These difficulties have been acknowledged within literature relating to LTS but there remains a lack of research into mucus and cough.8,9 Clinical advice for patients complaining of difficulties managing mucus or experiencing cough focuses on the use of nebulizers with 1 survey reviewing nebulizer use for adults with subglottic stenosis (SGS). 8 However, there is an absence of research concerning either symptom profile or treatment for these difficulties. In the context of the current COVID-19 pandemic, it is also likely that chronic difficulties with cough and mucus production may have negative implications for patients due to cough stigma.10,11
Mucus and cough are problematic features of other chronic health conditions such as chronic obstructive pulmonary disease (COPD) 12 and head and neck cancer, 13 whether as a result of diagnosis or treatment. These symptoms have significant quality of life implications, with a recent exploratory study of patients with COPD using an online patient community to demonstrate the impact that their mucus and cough symptoms caused in every aspect of life. 14
As a preliminary step in learning more about mucus and cough in adults with LTS, and to gather information from a broad population to guide future research plans, an online survey was developed. The aim of the survey was to investigate the experience of living with mucus and cough symptoms in adults with LTS, to better understand how mucus and cough impact patient’s lives and guide clinical care.
Methods
Survey Design
With ethical approval (North East—Newcastle & North Tyneside 2 Research Ethics Committee (18/NE/0341)), a survey study was designed to investigate patient experiences of mucus and cough on a background of LTS. Questions were developed by the lead investigator and clinician (GC) using QualtricsXM software. The survey was then refined and updated by a patient-partner (CA). A patient advisory group and the multi-professional team then participated in face and construct validity, usability, and item reduction to maximize the relevance of the questions. The survey included 15 closed and open questions covering demographics, cause, and treatment of LTS and experiences and management of mucus. The patient experience of cough was evaluated using the 19-item patient-reported outcome measure, the Leicester Cough Questionnaire (LCQ) 15 and a free text question. The full survey is available in Supplemental Appendix 1.
Recruitment and Participants
An information sheet about the survey, including the QualtricsXM link was emailed to LTS patients a tertiary U.K center who had already participated in research or had agreed to be contacted about research.
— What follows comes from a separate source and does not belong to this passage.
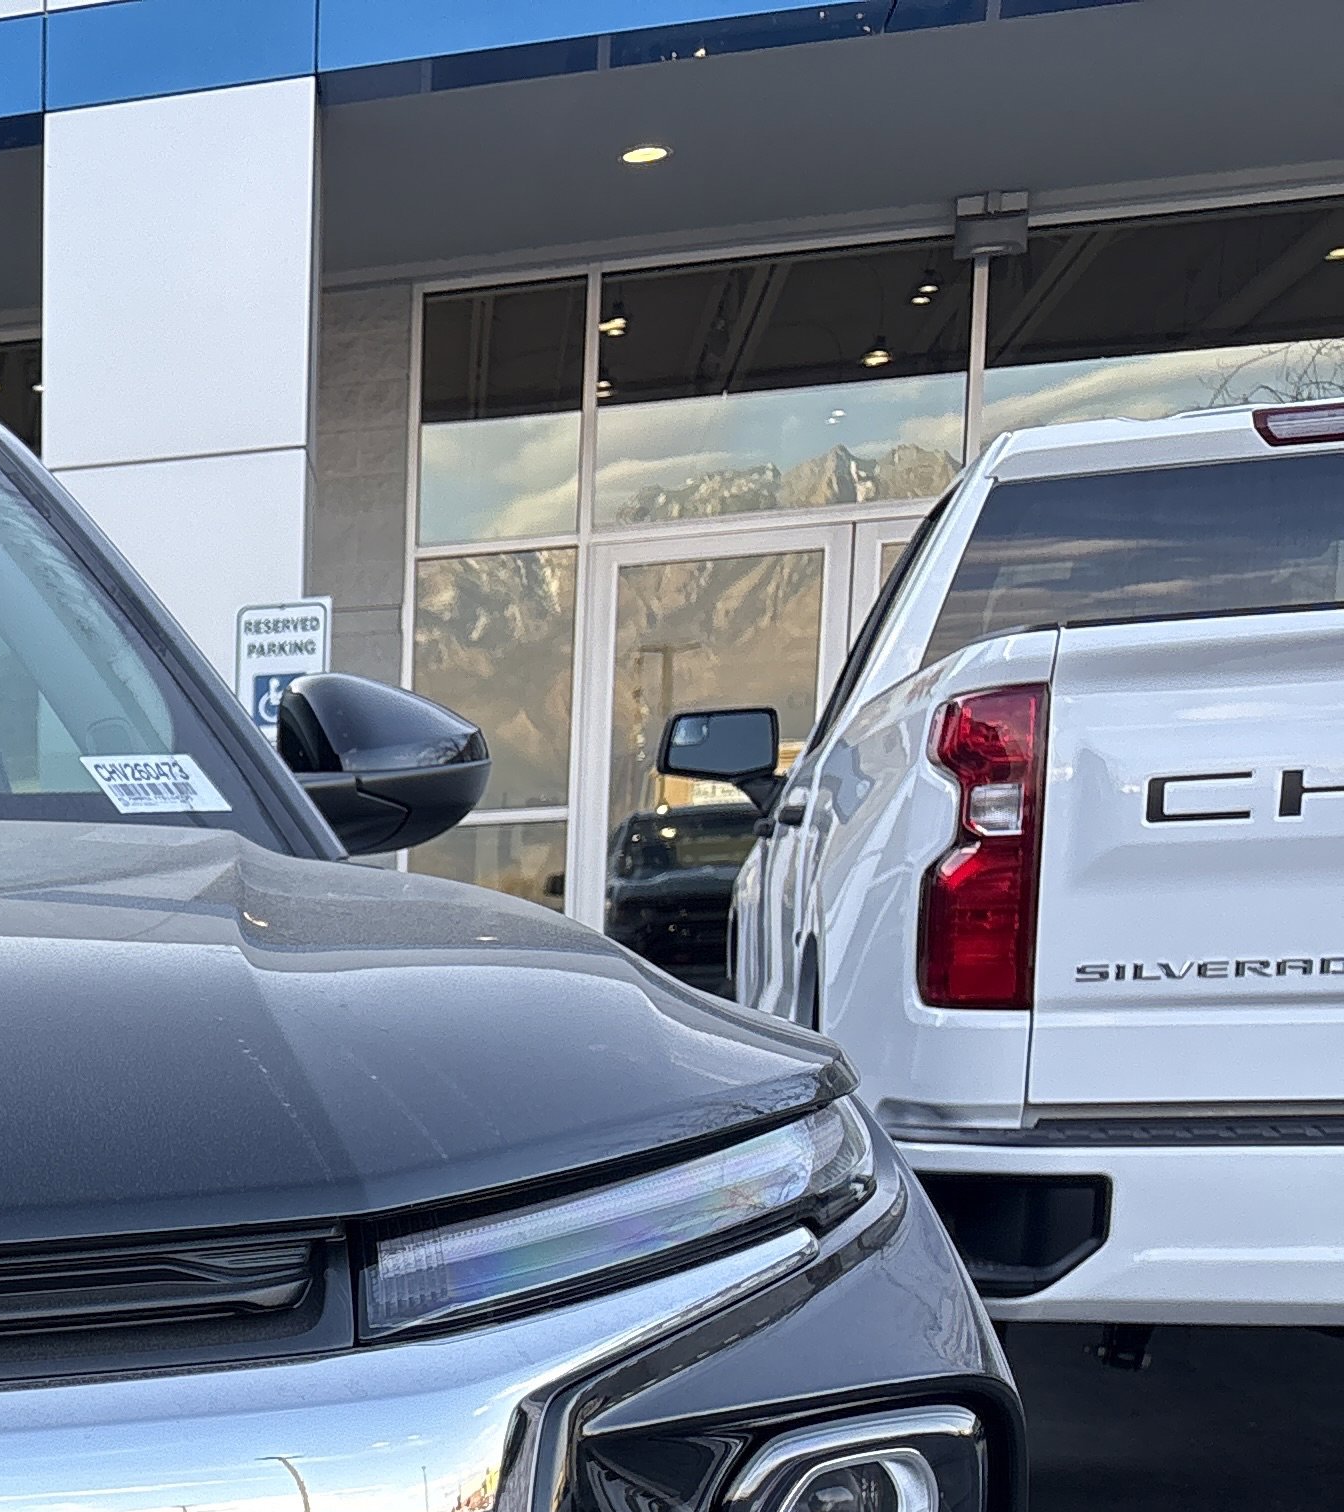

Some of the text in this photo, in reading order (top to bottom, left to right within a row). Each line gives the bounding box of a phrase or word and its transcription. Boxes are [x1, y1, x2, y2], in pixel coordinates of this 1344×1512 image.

[243, 616, 321, 635] RESERVED
[246, 639, 317, 657] PARKING
[93, 761, 190, 783] CHV260473
Inclusion criteria were a diagnosis of LTS and aged 18 years or over. The survey was also shared through social media including Twitter, an online support group (Living with Idiopathic Subglottic Stenosis; www.facebook.com/groups/idiopathicsubglotticstenosis) and an email database held by the patient-partner (CA). Although the support group title references a specific etiology of LTS it has members with a range of diagnosed causes.
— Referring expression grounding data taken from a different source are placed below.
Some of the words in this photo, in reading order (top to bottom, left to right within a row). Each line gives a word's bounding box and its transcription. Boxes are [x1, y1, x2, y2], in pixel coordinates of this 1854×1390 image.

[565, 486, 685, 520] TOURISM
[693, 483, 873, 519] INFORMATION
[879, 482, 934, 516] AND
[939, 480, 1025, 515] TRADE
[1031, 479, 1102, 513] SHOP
A sample size calculation was completed based on a presumed population size of 3900 (total number of support group members at time of surveying and the original focus group participants) with a confidence level of 90% and a 10% margin of error. This estimated a sample of 67 responses.
The settings of the QualtricsXM software were adjusted to prevent duplication and to ensure that completion of the questionnaire was fully anonymous. The survey was open from 17 June 2020 to 4 July 2020, with 2 email reminders sent. Prior to completion participants were asked to read the information sheet with full details of the study and complete a consent form embedded into the survey as the first question.
Data Analysis
The QualtricsXM online software was used to collect and collate the initial responses. Numerical data analysis was completed in Excel, with descriptive statistics used to analyze demographic details and responses from closed questions. A thematic analysis 16 approach was used to analyze free text responses, with initial descriptive analysis (completed by CH) followed by interpretative analysis to establish broad meanings and experiences of participants. Analysis was completed by CH, MS, and GC, with verification by CA.
Results
The survey was completed by 641 participants. This was a significant increase from the estimated sample size. Most respondents were female (97%) with 6 patients identifying as male (0.94%). Remaining participants either did not state biological sex or preferred not to say (1.72%). All participants were over 18, with the largest age group ranging between 45 and 54 (35.57%) and the eldest participant over 85. Idiopathic subglottic stenosis (iSGS) was the most common etiology (87.21%) with other etiologies including autoimmune disorders (2.96%), previous surgery (2.81%), and intubation/tracheostomy (2.18%). Most participants (92.67%) had had experience of surgery for their stenosis, ranging from dilatation and laser procedures to complex airway reconstruction. Full demographic details are provided in Table 1.
Demographics of Survey Participants.
Many participants had multiple surgeries so surgery is presented as a percentage of total number of surgeries (n = 1055).
The first symptom question was “Do you have any problems with mucus?” If participants selected no for this question, they were immediately taken to the LCQ. Problems with mucus were reported by 83.62% of all survey participants. Most experienced daily issues (79%), although a subjective rating of severity on a 0 to 10-point rating scale varied more broadly (see Figure 1) with more even distribution of responses.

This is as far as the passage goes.